Cryptocurrency’s Impact on Real Estate

It's Gonna Be Big

Since crypto’s inception in 2009, few industries and sectors haven’t been touched by at least its ripple effects, if not directly. The use and rise of cryptocurrency, and its underlying technology blockchain, has affected scores of industries, and real estate is no exception. Having only gained traction over the past decade, crypto’s influence in the real estate sector is set to grow and become more ubiquitous, both in the United States and globally.

Crypto, and its underlying technology blockchain, are disruptors. Crypto offers alternatives into how we exchange value, and blockchain gives us an entirely new infrastructure on which to transact. In the past, transactions, especially those of a larger nature like real estate transactions required not only the use of traditional fiat currency but also agreed upon intermediaries like banks. Today, and certainly in the years to come, real estate transactions may become entirely done on blockchains through the use of cryptocurrency and smart contracts, which enable a trustless mode of operation.

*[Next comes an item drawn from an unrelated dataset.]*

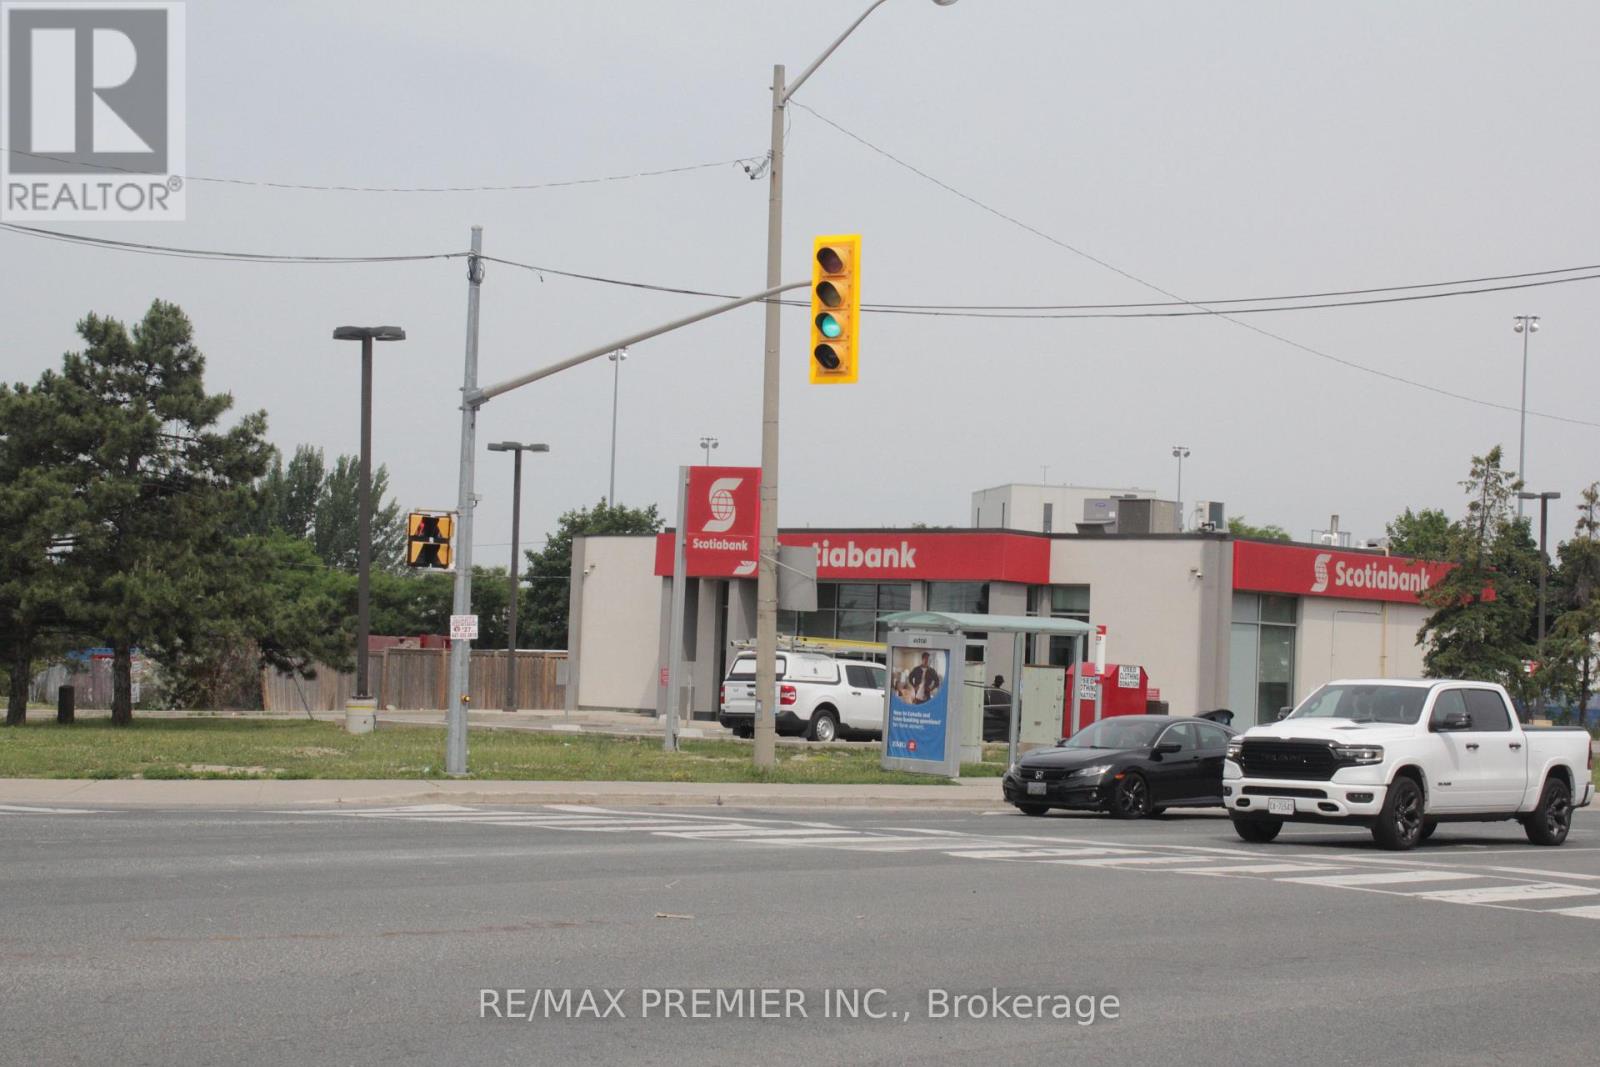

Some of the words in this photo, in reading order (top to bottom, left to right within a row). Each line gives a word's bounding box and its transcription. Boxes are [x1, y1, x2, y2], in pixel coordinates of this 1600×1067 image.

Although there are many benefits to using cryptocurrency for real estate transactions, there are also a host of disadvantages that are worth mentioning. Here are some pros and cons of using crypto as a medium of exchange in real estate:


Anonymity: One of the primary advantages to using crypto in real estate is anonymity for both buyer and seller. Many people prefer to keep their transactions as private as possible, and using crypto is a way to make that privacy accessible to anyone.

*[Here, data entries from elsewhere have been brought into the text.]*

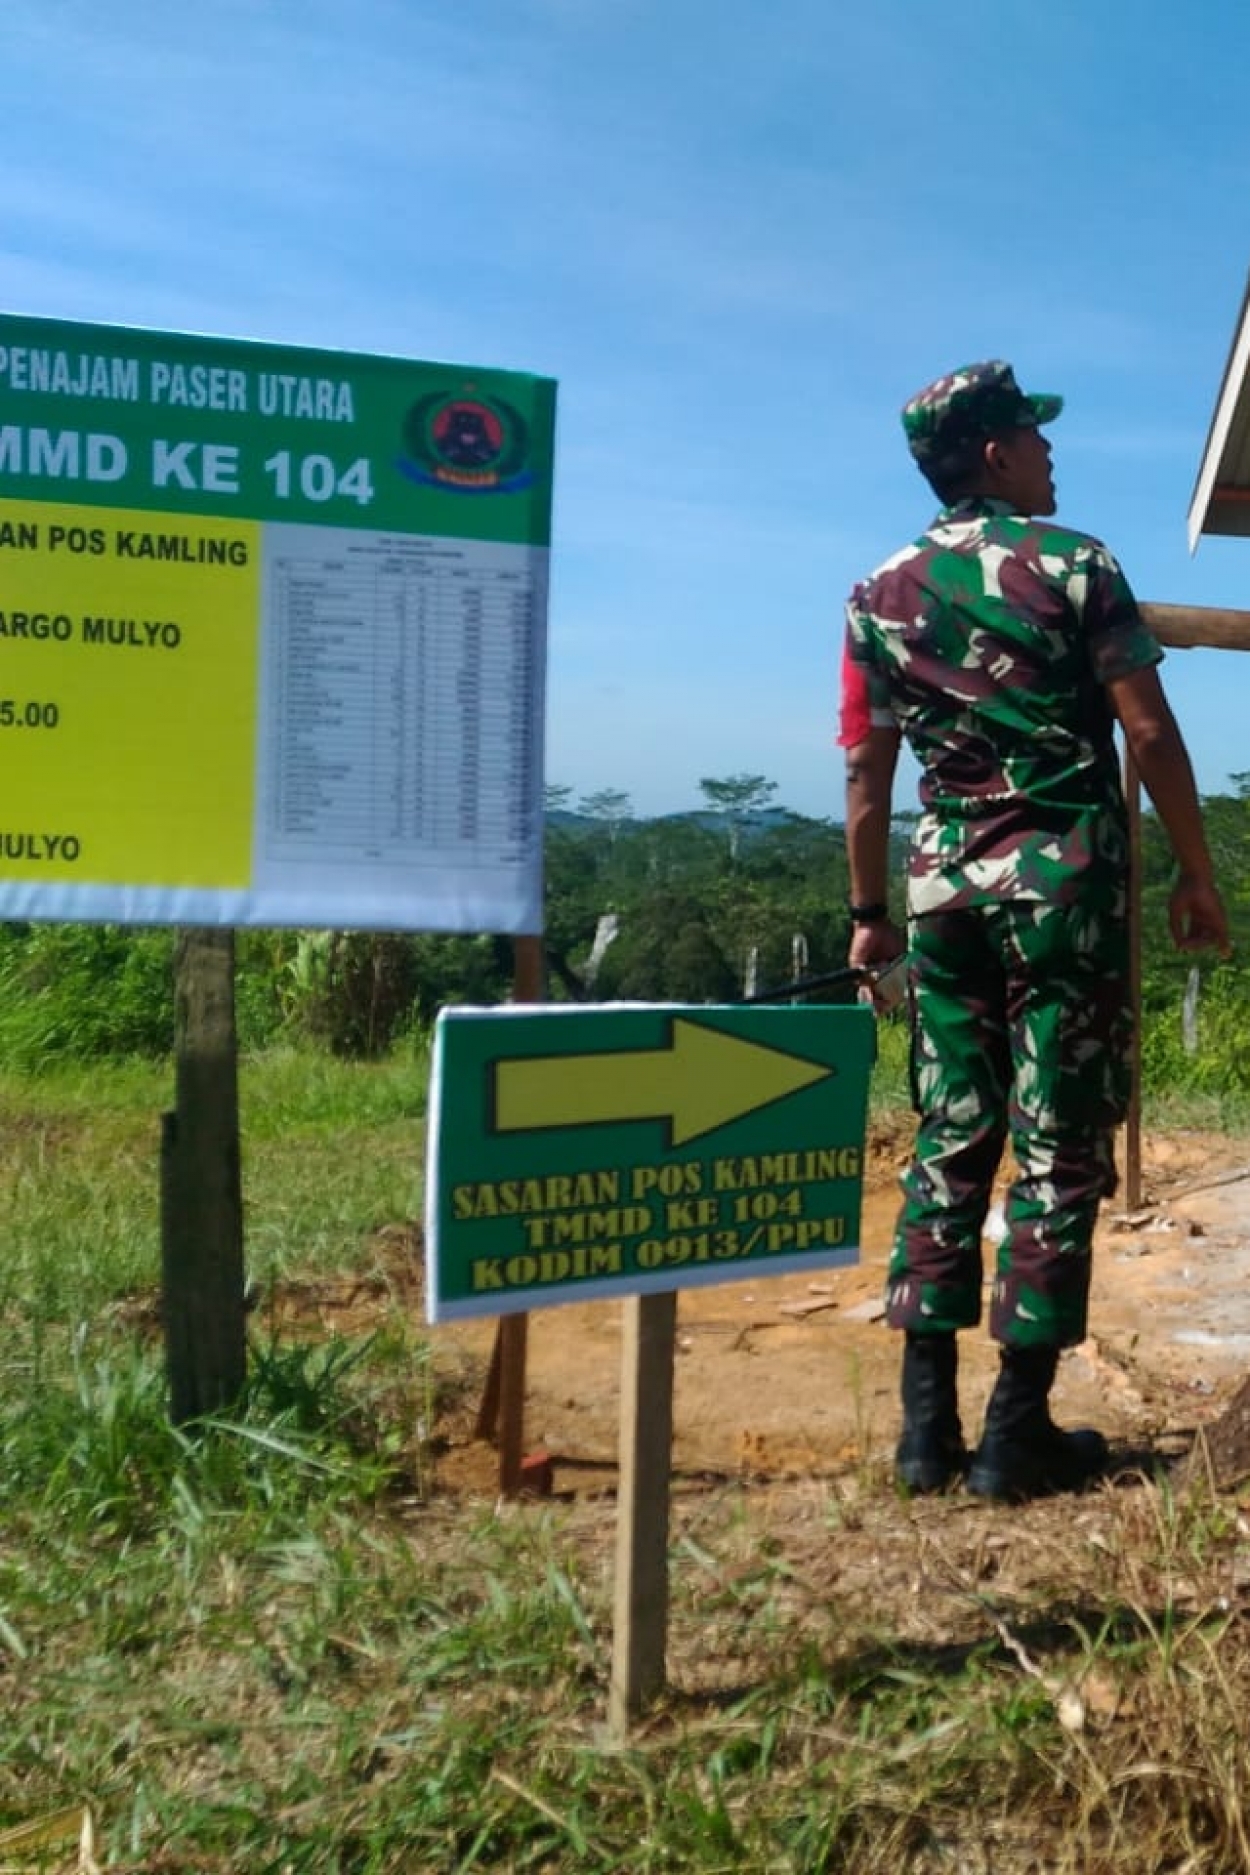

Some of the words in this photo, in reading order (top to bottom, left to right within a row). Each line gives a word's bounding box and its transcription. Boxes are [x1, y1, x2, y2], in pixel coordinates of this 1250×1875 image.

[151, 361, 248, 413] PASER
[258, 372, 355, 423] UTARA
[153, 439, 240, 494] KE
[264, 449, 375, 506] 104
[49, 525, 106, 555] POS
[116, 530, 248, 567] KAMLING
[83, 616, 181, 649] MULYO
[0, 833, 81, 862] ULYO
[453, 1169, 619, 1221] SASARAN
[632, 1160, 702, 1201] POS
[714, 1147, 860, 1192] KAMLING
[523, 1206, 652, 1248] TMMD
[666, 1197, 720, 1233] KE
[734, 1188, 802, 1224] 104
[472, 1242, 622, 1293] KODIM
[636, 1216, 846, 1270] 0913/PPU
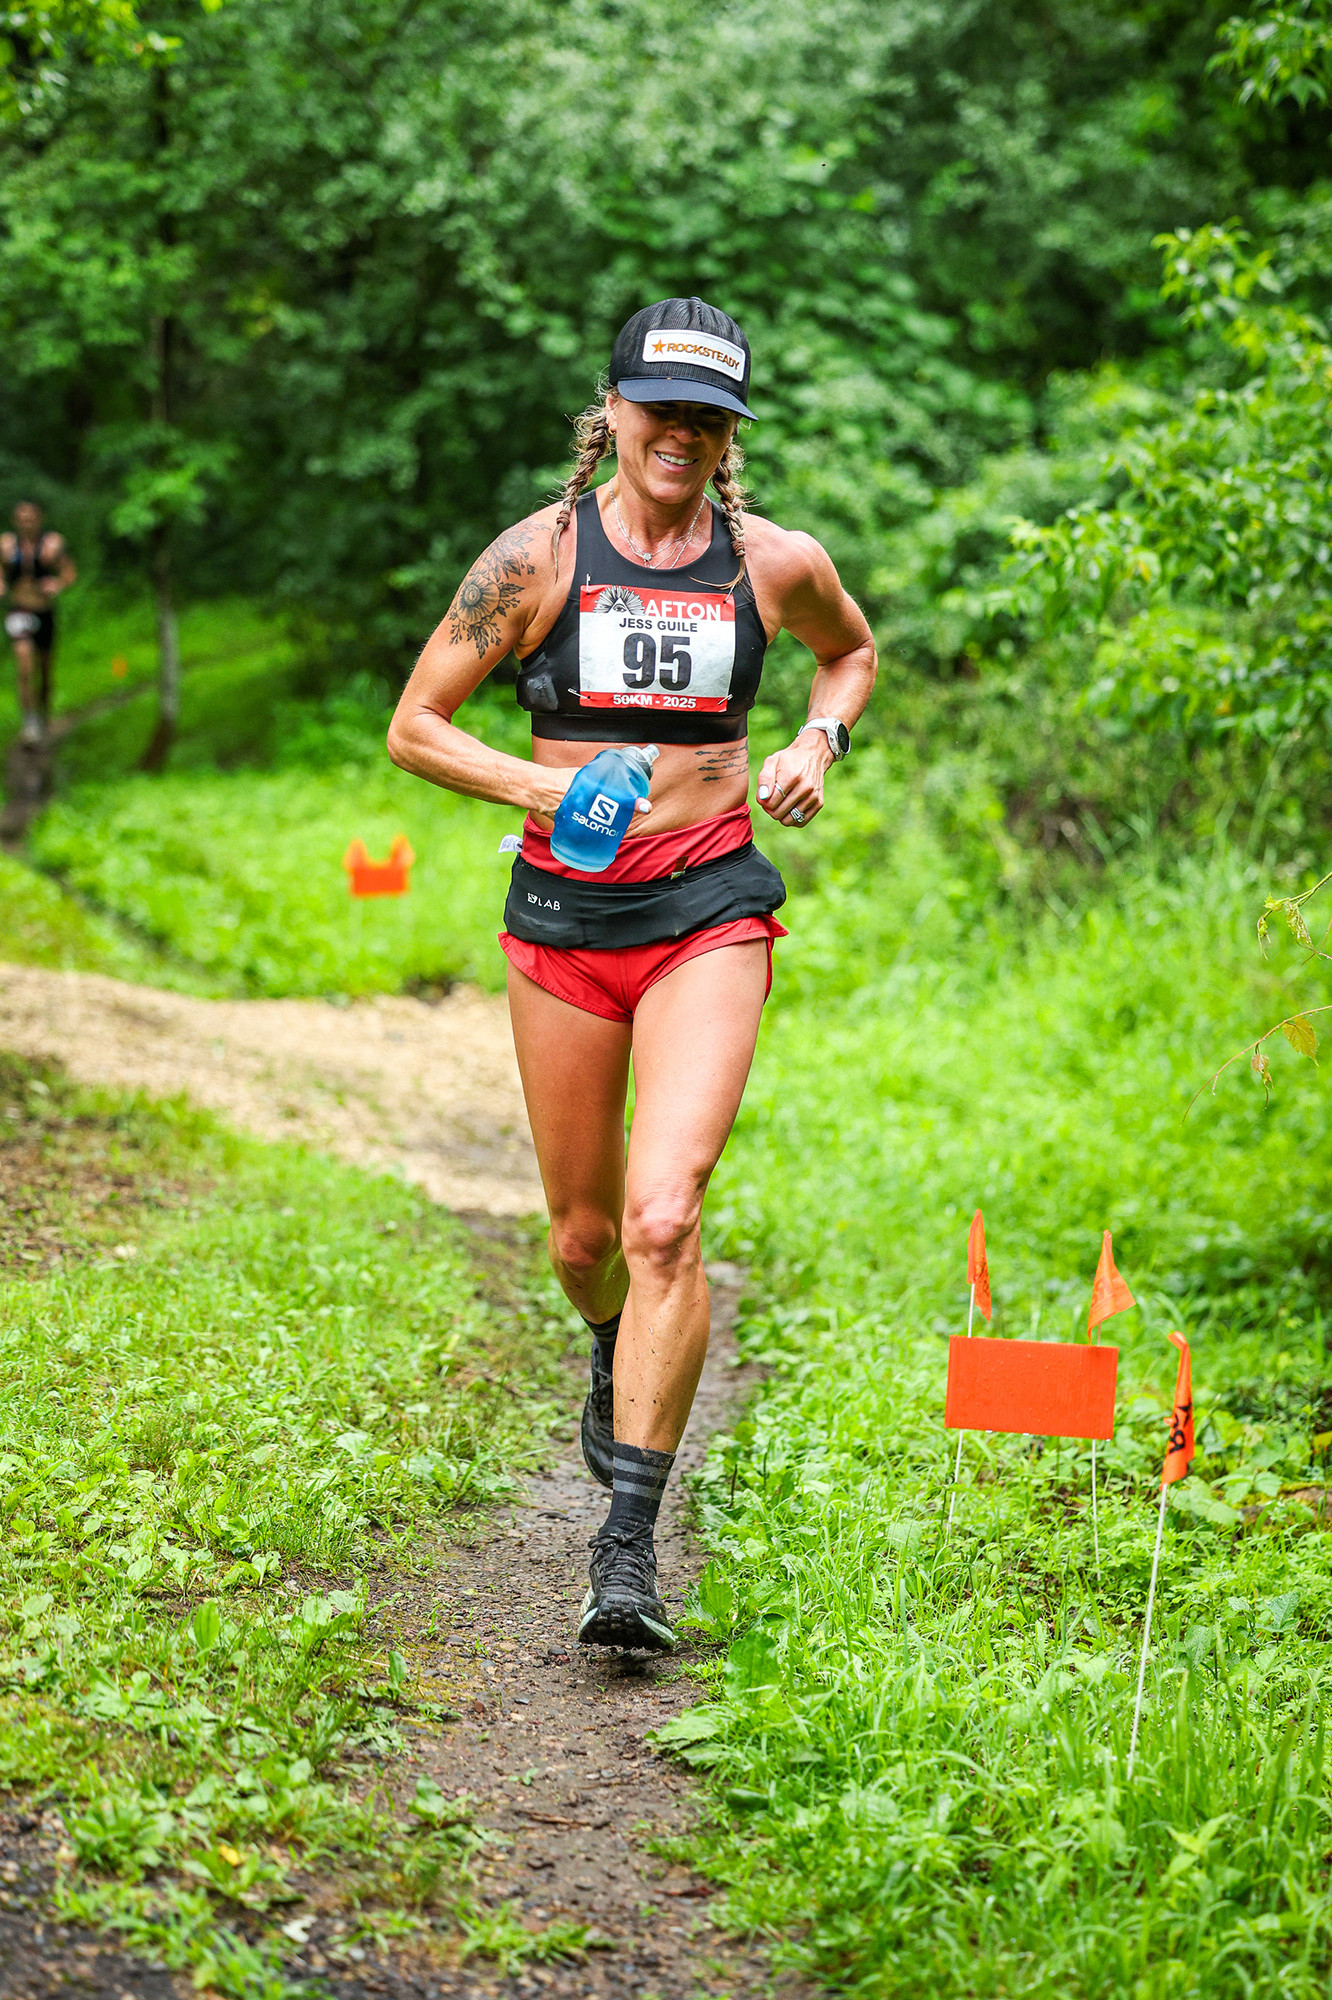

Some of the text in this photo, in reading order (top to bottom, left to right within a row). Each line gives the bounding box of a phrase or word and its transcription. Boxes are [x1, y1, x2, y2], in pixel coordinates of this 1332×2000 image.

[667, 343, 740, 370] ROCKSTEADY
[645, 599, 720, 621] AFTON
[619, 618, 698, 632] JESS GUILE
[622, 632, 692, 691] 95
[613, 694, 652, 706] 50KM
[662, 696, 697, 709] 2025

Faster transaction times: Crypto can be exchanged almost instantly. Because crypto exchanges are recorded on a blockchain, which is essentially a public ledger, this removes the necessity of intermediaries such as banks and escrow.

Reduced Fees: While there are oftentimes fees associated with exchanging crypto, in the context of purchasing real estate, the fees of all intermediaries are eliminated, including any realtor’s fees if no realtor was used, which are upwards of 5-7 percent in many cases.

Universally Accepted: With traditional fiat currency, the specific currency you wish to use may only be accepted in one, or a handful of countries. Additionally, the buyer and seller may prefer to exchange in two different currencies. That problem is eliminated with cryptocurrency, as crypto coins are the same globally.


Volatility: Cryptocurrency is extremely volatile, and can swing across huge price differences in a matter of hours or days. As such, purchasing real estate, which is usually a process that takes several weeks, can be risky when using crypto. The price of crypto today may be significantly higher or lower than its price tomorrow, let alone next month.

Lack of legal framework: Because crypto is still an emerging sector, is a dearth if legal and regulatory frameworks. This is true both domestically and internationally. It may be difficult or impossible to reverse a fraudulent exchange. The crypto market is essentially a “buyers beware” market.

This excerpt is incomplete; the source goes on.